──────── Records to use

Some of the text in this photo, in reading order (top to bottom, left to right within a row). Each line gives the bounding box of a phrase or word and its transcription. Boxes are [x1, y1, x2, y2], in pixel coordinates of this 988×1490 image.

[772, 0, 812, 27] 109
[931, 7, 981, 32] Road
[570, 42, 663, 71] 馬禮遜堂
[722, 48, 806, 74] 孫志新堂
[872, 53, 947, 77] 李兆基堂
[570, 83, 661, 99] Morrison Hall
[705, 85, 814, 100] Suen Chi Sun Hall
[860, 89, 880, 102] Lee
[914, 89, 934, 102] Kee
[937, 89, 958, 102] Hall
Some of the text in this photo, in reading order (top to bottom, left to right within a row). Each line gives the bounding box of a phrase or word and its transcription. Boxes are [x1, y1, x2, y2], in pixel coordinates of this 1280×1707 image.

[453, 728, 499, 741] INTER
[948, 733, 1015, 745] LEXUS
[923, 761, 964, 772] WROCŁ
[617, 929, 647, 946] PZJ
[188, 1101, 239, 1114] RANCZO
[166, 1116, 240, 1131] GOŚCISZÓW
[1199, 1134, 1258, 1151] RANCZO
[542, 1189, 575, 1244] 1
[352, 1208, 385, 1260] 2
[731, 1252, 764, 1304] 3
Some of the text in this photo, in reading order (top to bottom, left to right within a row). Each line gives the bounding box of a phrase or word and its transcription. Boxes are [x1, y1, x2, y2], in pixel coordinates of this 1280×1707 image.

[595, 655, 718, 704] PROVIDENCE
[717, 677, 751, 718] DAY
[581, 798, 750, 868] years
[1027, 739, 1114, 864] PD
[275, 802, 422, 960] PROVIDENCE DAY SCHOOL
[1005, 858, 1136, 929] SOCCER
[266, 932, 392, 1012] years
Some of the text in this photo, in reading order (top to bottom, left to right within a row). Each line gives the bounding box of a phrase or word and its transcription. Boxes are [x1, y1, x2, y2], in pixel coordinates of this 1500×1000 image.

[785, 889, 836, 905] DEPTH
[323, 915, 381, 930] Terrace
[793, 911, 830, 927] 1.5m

────────────────

◆ **Directions for this task**
Copy the records above exactly.

◆ **Answer to this problem**
Some of the text in this photo, in reading order (top to bottom, left to right within a row). Each line gives the bounding box of a phrase or word and its transcription. Boxes are [x1, y1, x2, y2], in pixel coordinates of this 988×1490 image.

[772, 0, 812, 27] 109
[931, 7, 981, 32] Road
[570, 42, 663, 71] 馬禮遜堂
[722, 48, 806, 74] 孫志新堂
[872, 53, 947, 77] 李兆基堂
[570, 83, 661, 99] Morrison Hall
[705, 85, 814, 100] Suen Chi Sun Hall
[860, 89, 880, 102] Lee
[914, 89, 934, 102] Kee
[937, 89, 958, 102] Hall
Some of the text in this photo, in reading order (top to bottom, left to right within a row). Each line gives the bounding box of a phrase or word and its transcription. Boxes are [x1, y1, x2, y2], in pixel coordinates of this 1280×1707 image.

[453, 728, 499, 741] INTER
[948, 733, 1015, 745] LEXUS
[923, 761, 964, 772] WROCŁ
[617, 929, 647, 946] PZJ
[188, 1101, 239, 1114] RANCZO
[166, 1116, 240, 1131] GOŚCISZÓW
[1199, 1134, 1258, 1151] RANCZO
[542, 1189, 575, 1244] 1
[352, 1208, 385, 1260] 2
[731, 1252, 764, 1304] 3
Some of the text in this photo, in reading order (top to bottom, left to right within a row). Each line gives the bounding box of a phrase or word and its transcription. Boxes are [x1, y1, x2, y2], in pixel coordinates of this 1280×1707 image.

[595, 655, 718, 704] PROVIDENCE
[717, 677, 751, 718] DAY
[581, 798, 750, 868] years
[1027, 739, 1114, 864] PD
[275, 802, 422, 960] PROVIDENCE DAY SCHOOL
[1005, 858, 1136, 929] SOCCER
[266, 932, 392, 1012] years
Some of the text in this photo, in reading order (top to bottom, left to right within a row). Each line gives the bounding box of a phrase or word and its transcription. Boxes are [x1, y1, x2, y2], in pixel coordinates of this 1500×1000 image.

[785, 889, 836, 905] DEPTH
[323, 915, 381, 930] Terrace
[793, 911, 830, 927] 1.5m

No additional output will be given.